Danish: vandsprøjt står om potterne

Clemica

Senior Member
France, French
Good evening!

I'm translating a Danish article about hunting. The hunters wake up early to go hunting on the moor with their dog:
"Hunden slippes. Vandsprøjt står om potterne, mens den med lange skridt glider ud over myren. Nu og da skimtes den mellem de lave buske bagerst på myren."

Everything is clear to me except "Vandsprøjt står om potterne". I mean, I understand the words but it doesn't make sense to me in that context. What spray of water and what pots are we talking about here? I'd be grateful for your help!
 
  • Sepia

    Senior Member
    High German/Danish
    So much for automatic spell checking.

    ...

    What about "myren" - can anybody tell me if it is pronounced with a long "y" like the insect or with a short "y".
     

    Sepia

    Senior Member
    High German/Danish
    It's long. If the vowel were short, the word would have been written with a double r.
    Even if you are right, that would not be sufficient as a reason. The word "pater" also has a short but stressed a in the first syllable is still pronounced differently than "patter" which also has a short "a". The same goes for "løber" and "løber" - as a verb and as a noun - take your pick which is which.
     

    JonTve

    Member
    Norwegian, Australia
    What about this three nouns in Norwegian : bønner, bønder and bønner, which can be eaten?
     

    Jens Balling

    New Member
    Danish-Denmark
    I never heard the word 'myren' before in my 65-old-native-danish life. Oh yes! about that small laborious animal.
    About 'mosen', no.
    So I looked it up, - and now I'm one danish word wiser ....
     

    bicontinental

    Senior Member
    English (US), Danish, bilingual
    What about "myren" - can anybody tell me if it is pronounced with a long "y" like the insect or with a short "y".
    Even if you are right, that would not be sufficient as a reason. The word "pater" also has a short long but stressed a in the first syllable is still pronounced differently than "patter" which also has a short "a". The same goes for "løber" and "løber" - as a verb and as a noun - take your pick which is which.
    Svenke provided the grammatically correct rule to answer your question, Sepia. Therefore, in your pater/patter example there’s a long vowel in the former word and a short in the latter due to the double consonant, i.e

    Pater ~ [ˈpæˀdʌ]
    Vs.
    Patter ~ [ˈpadʌ]

    Note that both words have a stressed first syllable (hovedtryk på første stavelse) but the glottal stop (stød) is only heard in the first word, pater.

    In your next example, løber (the present tense of the verb to run, at løbe) vs. en løber (the noun, the person running, or a table runner) the vowel is long in either case, i.e. the letter “ø” is pronounced the same way, but the glottal stop is heard only in the verbal form.

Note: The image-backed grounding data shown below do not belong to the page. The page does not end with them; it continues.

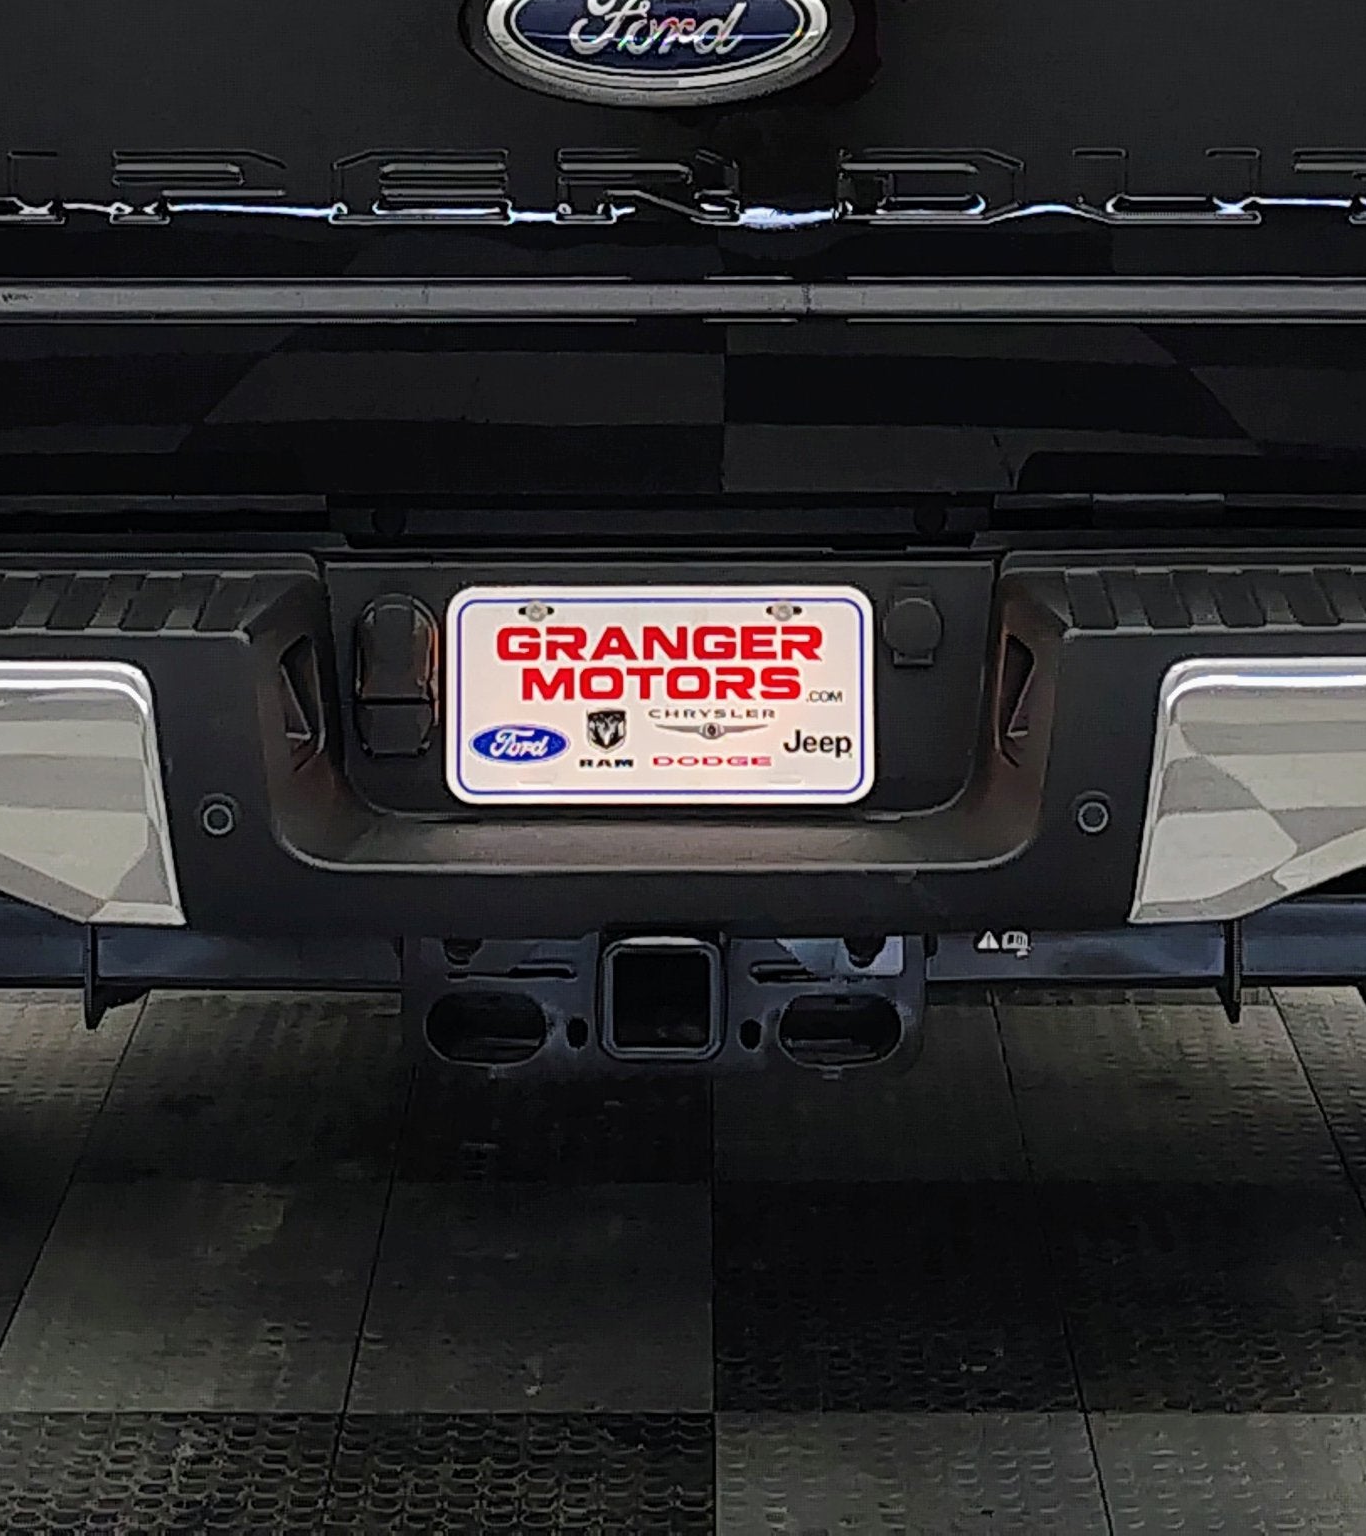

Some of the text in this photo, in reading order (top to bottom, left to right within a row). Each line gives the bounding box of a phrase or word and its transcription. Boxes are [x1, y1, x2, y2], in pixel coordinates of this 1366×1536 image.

[496, 626, 823, 660] GRANGER
[522, 667, 802, 700] MOTORS
[648, 708, 775, 718] CHRYSLER
[487, 729, 550, 761] Ford
[784, 729, 852, 758] Jeep
[579, 758, 634, 768] RAM
[653, 757, 772, 767] DODGE

Both words, however, have a stressed first syllable.

    Drengen løber ~ [ˈløˀbʌ]
    Den første løber kom i mål ~ [ˈløːbʌ]

    Another example, at dele (to share), han deler (he shares) and han har deller (he has love handles). The double consonant in the noun, deller, shortens the vowel, which is long in the verbal forms. All three words have a stressed first syllable but the glottal stop is only present in the finite verbal form.

    At dele [ˈdeːlə]
    Han deler [ˈdeˀlʌ]
    Han har deller [ˈdεlʌ]

    Ref: The online dictionary Ordnet.dk has a pronunciation guide that may be helpful.

    Bic.




     

    Wilma_Sweden

    Senior Member
    Swedish (Scania)
    Thank you for the quick lesson abot Danish pronunciation! Swedish has similar principles, i. e. long wovels go with single consonants and short vowels go with double or multiple consonants, but we have no stød, of course.

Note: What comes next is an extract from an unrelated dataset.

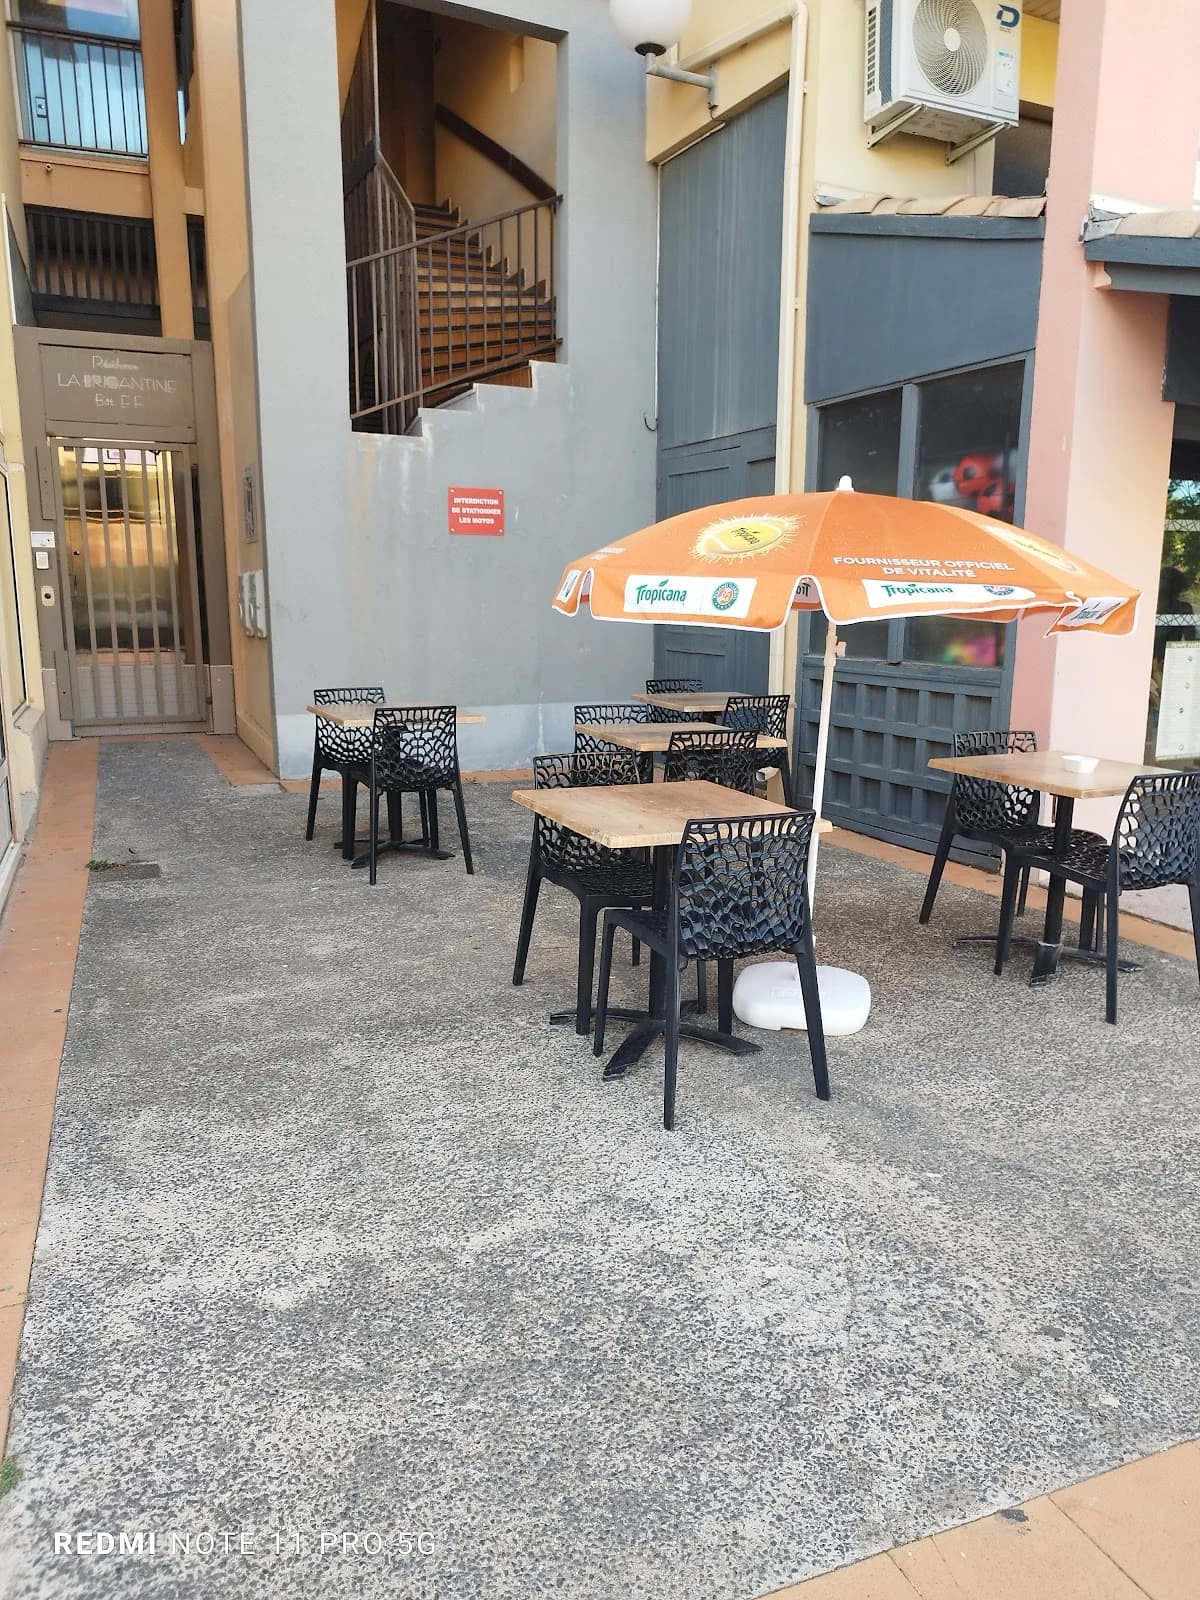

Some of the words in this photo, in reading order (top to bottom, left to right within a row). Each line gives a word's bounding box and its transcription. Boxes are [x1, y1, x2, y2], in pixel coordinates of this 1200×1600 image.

    I usually interpret Danish words based on context, similarities with Swedish or prior knowledge, and thought paws from context, but had flower pots somewhere in the back of my mind... :D
     

    Sepia

    Senior Member
    High German/Danish
    Look, I know those rules - regardless if Bioc. knows my, probably dialectal pronunciation of "pater".
    That still does not answer the question becauuse everything does not quite follow the same rules.

    I don't see any rule that tells us that a word like "fyren" (en fyr) is stressed the way it is and thus "myren" (in the sense " moor") would seem similar. And nobody has given an answer to that. And it is not a word that is really used often. The word "myr" pronounced by that model acctually exists, no matter shat rules Svenke refers to, but that is in a different meaning ...
     

    bicontinental

    Senior Member
    English (US), Danish, bilingual
    What about "myren" - can anybody tell me if it is pronounced with a long "y" like the insect or with a short "y".
    That still does not answer the question becauuse everything does not quite follow the same rules.
    Sepia, your original question, as quoted here, was about the long vs. the short vowel which Svenke immediately answered, providing the grammatical rule. There are exceptions to this rule the same way there are exceptions to essentially every other rule in Danish grammar, but in this particular case the rule holds.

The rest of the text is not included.